Word for word, please restate each record and pass over the pictures.

─── Data

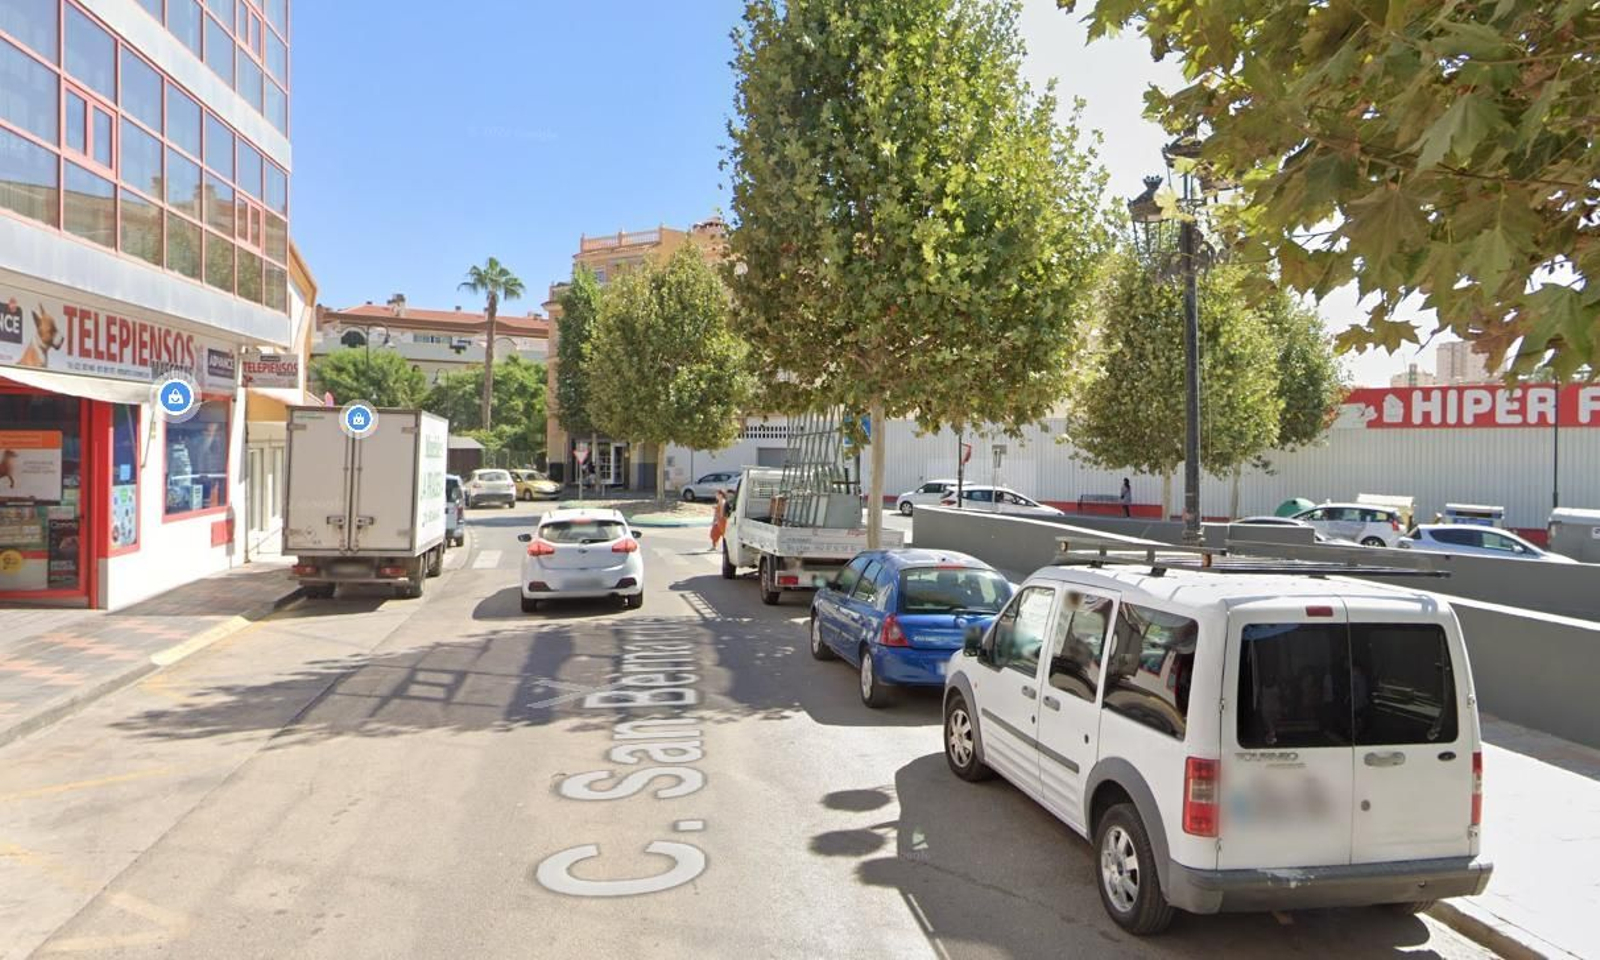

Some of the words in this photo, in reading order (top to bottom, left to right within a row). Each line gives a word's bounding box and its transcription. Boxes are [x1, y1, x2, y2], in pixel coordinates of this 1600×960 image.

[63, 305, 195, 369] TELEPIENSOS
[243, 361, 298, 374] TELEPIENSOS
[1412, 387, 1555, 424] HIPER
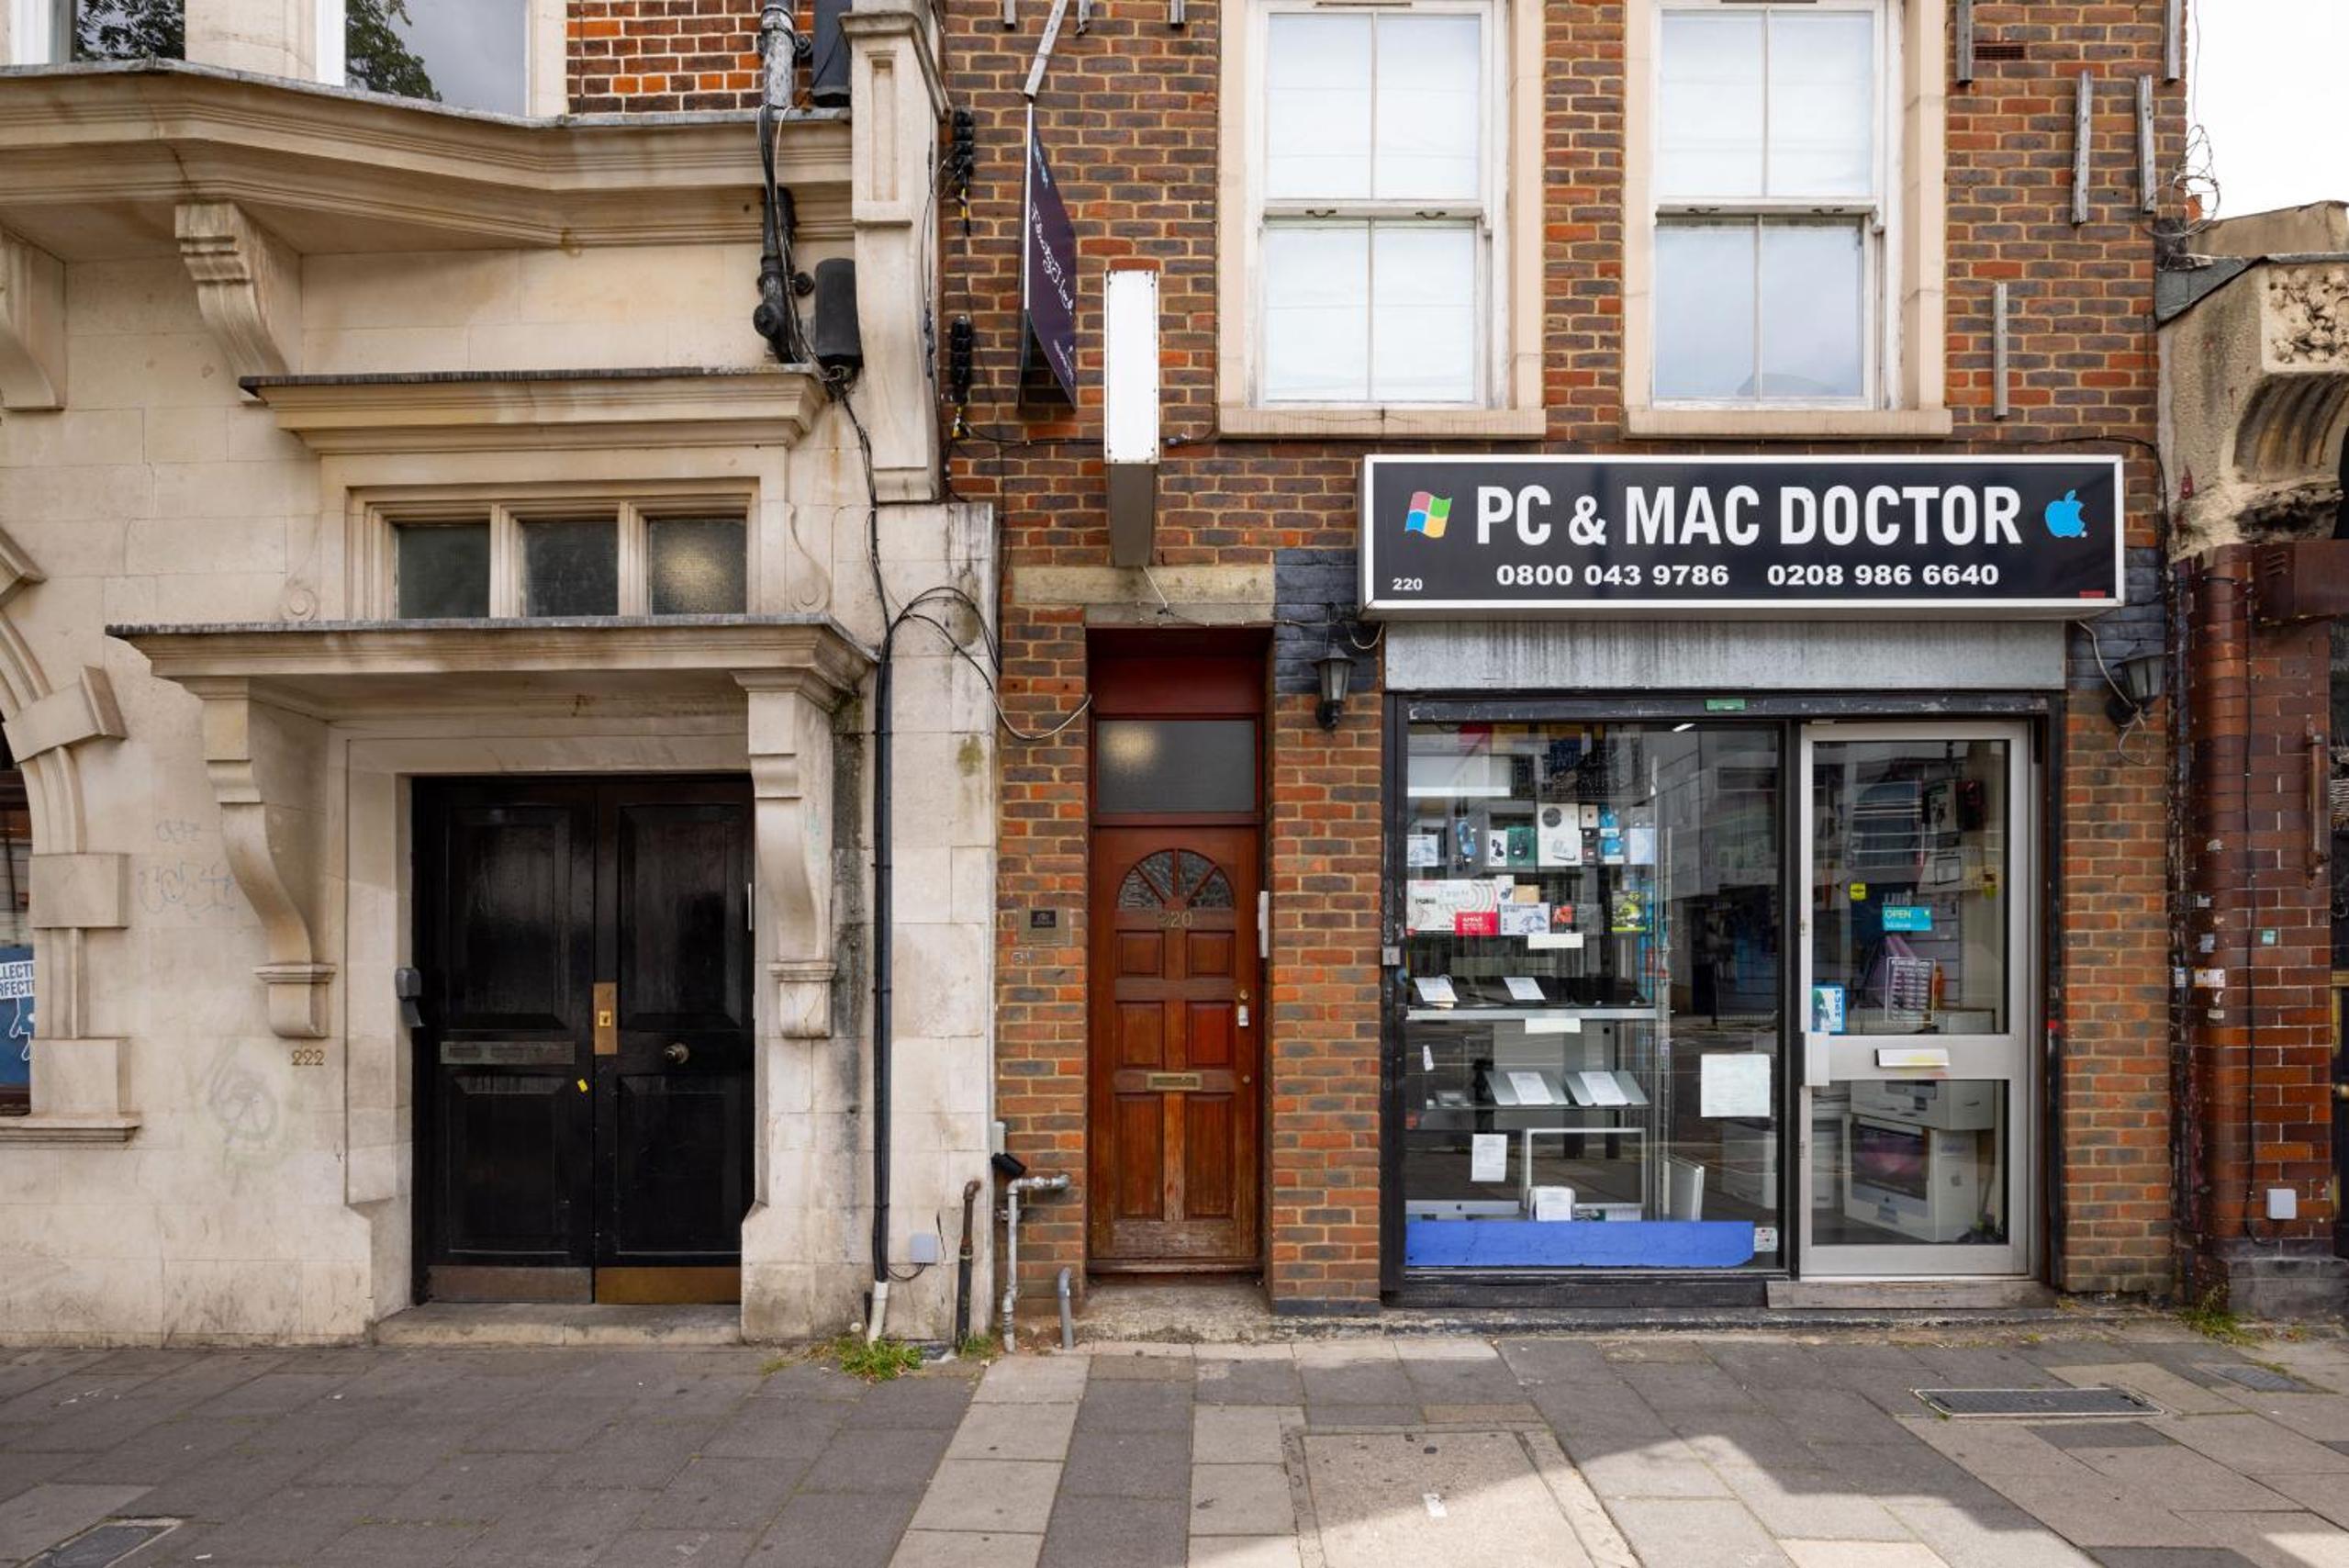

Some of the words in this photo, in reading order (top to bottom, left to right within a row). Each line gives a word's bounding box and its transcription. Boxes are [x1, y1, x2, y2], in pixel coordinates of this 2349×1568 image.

──────

_Exercise solution_
Some of the words in this photo, in reading order (top to bottom, left to right within a row). Each line gives a word's bounding box and its transcription. Boxes are [x1, y1, x2, y2], in pixel coordinates of this 1600×960 image.

[63, 305, 195, 369] TELEPIENSOS
[243, 361, 298, 374] TELEPIENSOS
[1412, 387, 1555, 424] HIPER

Some of the words in this photo, in reading order (top to bottom, left to right within a row). Each line gives a word's bounding box and its transcription. Boxes are [x1, y1, x2, y2], in pixel coordinates of this 2349×1568 image.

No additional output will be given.